I'm feeling quite upset reading this, all of this sounds very selfish.  I think you should be glad that he is taking steps in investing in his future and possibly yours by focusing on his education.  He's income potential would be higher than someone with just a HS diploma.  You think he's going to be a great dad but kids cost a lot of $$$$.  Like what the other ladies have said, he's going to be a better dad if he can provide for his children.  He has made a large commitment to himself and probably his parents who are funding his education, it would not be reasonable nor fair for you to ask him to change his priorities to go out with you. 

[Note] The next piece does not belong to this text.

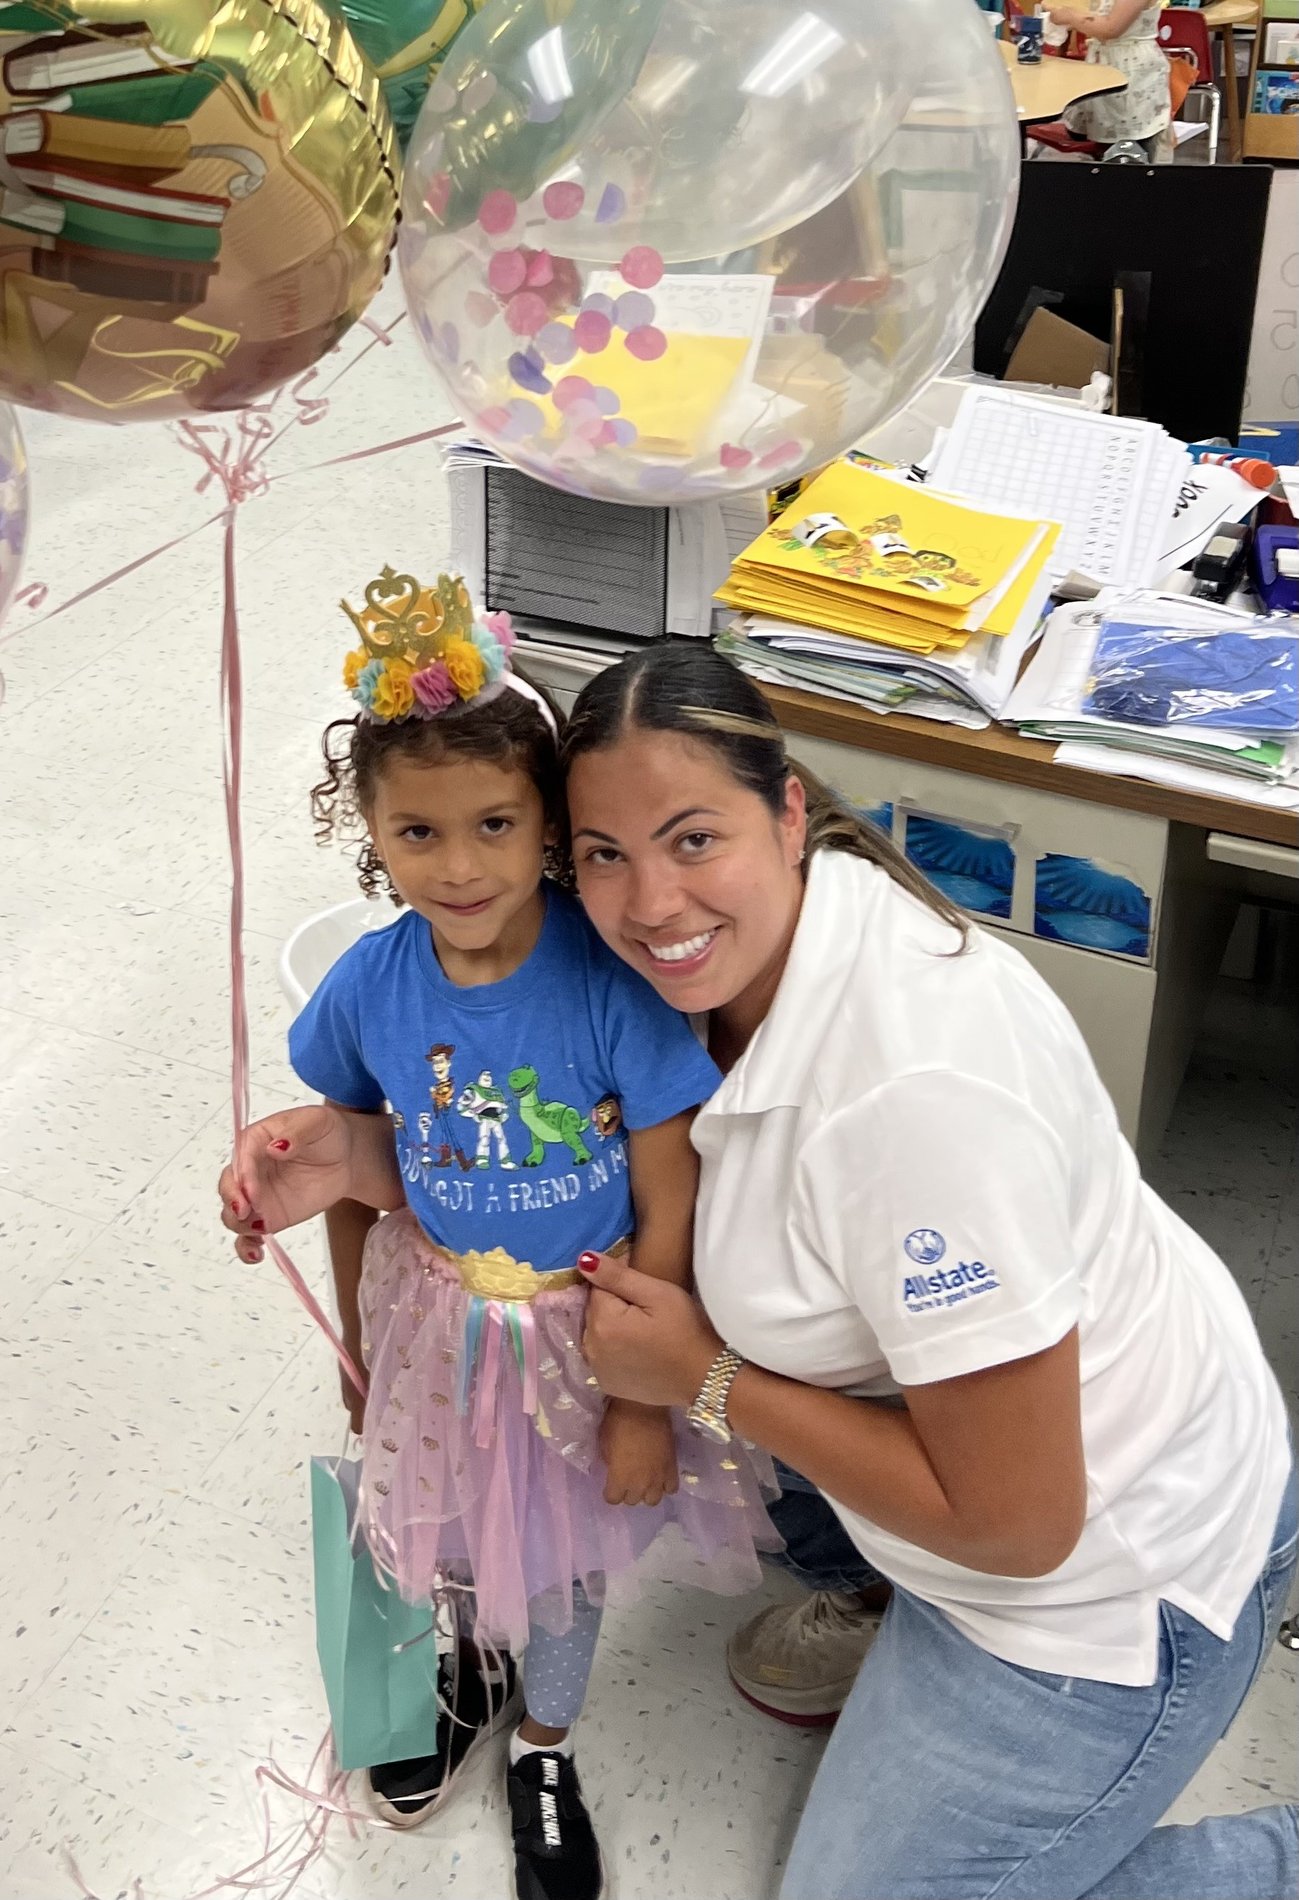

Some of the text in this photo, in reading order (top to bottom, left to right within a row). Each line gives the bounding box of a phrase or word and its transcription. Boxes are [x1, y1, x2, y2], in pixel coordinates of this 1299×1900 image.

How about you?  Are you going to school? 

Quote:

Originally Posted by *Leila Hamilton* /img/forum/go_quote.gif

SO, I have been seeing this guy since July 2010 and I really like him. I have fell in love with him. He has a great personality, is caring, very chill to hang out with, funny and I just love him company. We have talked about having a baby together and the idea makes me really happy. I think he would be a great dad.

The downside: He is very busy with school and working so we only see each other about once a week. I am NOT cool with this. I have mentioned it in a sideways way and he, it hasn't really made a priority to change it. He has mentioned going on a trip together but no real plans to do it. I have been thinking of ways to have a serious conversation about it, but I don't want him to think that I want to break up with him or that I am not happy with him. 

I think I am a sweet girl and I guess I am just worried about hurting his feelings. However if he is not willing to put some more effort into seeing me more often then we will have to break up. I don't want to break up but I know what I need a once a week is not cutting it for me.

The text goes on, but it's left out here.